WHAT YOU SHOULD DO.
A word-for-word copy of the entries is the only acceptable reply.

(Free-text object descriptions)
::::::

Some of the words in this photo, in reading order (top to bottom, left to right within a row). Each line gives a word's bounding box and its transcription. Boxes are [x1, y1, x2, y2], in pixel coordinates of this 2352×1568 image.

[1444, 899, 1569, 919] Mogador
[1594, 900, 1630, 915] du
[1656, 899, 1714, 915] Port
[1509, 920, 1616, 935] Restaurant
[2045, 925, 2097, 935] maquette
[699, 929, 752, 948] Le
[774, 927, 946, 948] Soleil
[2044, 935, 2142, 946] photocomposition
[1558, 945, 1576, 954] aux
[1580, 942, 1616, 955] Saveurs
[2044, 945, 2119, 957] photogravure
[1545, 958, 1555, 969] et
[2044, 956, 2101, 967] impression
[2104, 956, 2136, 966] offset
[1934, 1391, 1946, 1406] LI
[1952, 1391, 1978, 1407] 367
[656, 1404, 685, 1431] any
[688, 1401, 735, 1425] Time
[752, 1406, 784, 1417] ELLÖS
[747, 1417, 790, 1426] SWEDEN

::::::

ANSWER BOX.
Some of the words in this photo, in reading order (top to bottom, left to right within a row). Each line gives a word's bounding box and its transcription. Boxes are [x1, y1, x2, y2], in pixel coordinates of this 2352×1568 image.

[1444, 899, 1569, 919] Mogador
[1594, 900, 1630, 915] du
[1656, 899, 1714, 915] Port
[1509, 920, 1616, 935] Restaurant
[2045, 925, 2097, 935] maquette
[699, 929, 752, 948] Le
[774, 927, 946, 948] Soleil
[2044, 935, 2142, 946] photocomposition
[1558, 945, 1576, 954] aux
[1580, 942, 1616, 955] Saveurs
[2044, 945, 2119, 957] photogravure
[1545, 958, 1555, 969] et
[2044, 956, 2101, 967] impression
[2104, 956, 2136, 966] offset
[1934, 1391, 1946, 1406] LI
[1952, 1391, 1978, 1407] 367
[656, 1404, 685, 1431] any
[688, 1401, 735, 1425] Time
[752, 1406, 784, 1417] ELLÖS
[747, 1417, 790, 1426] SWEDEN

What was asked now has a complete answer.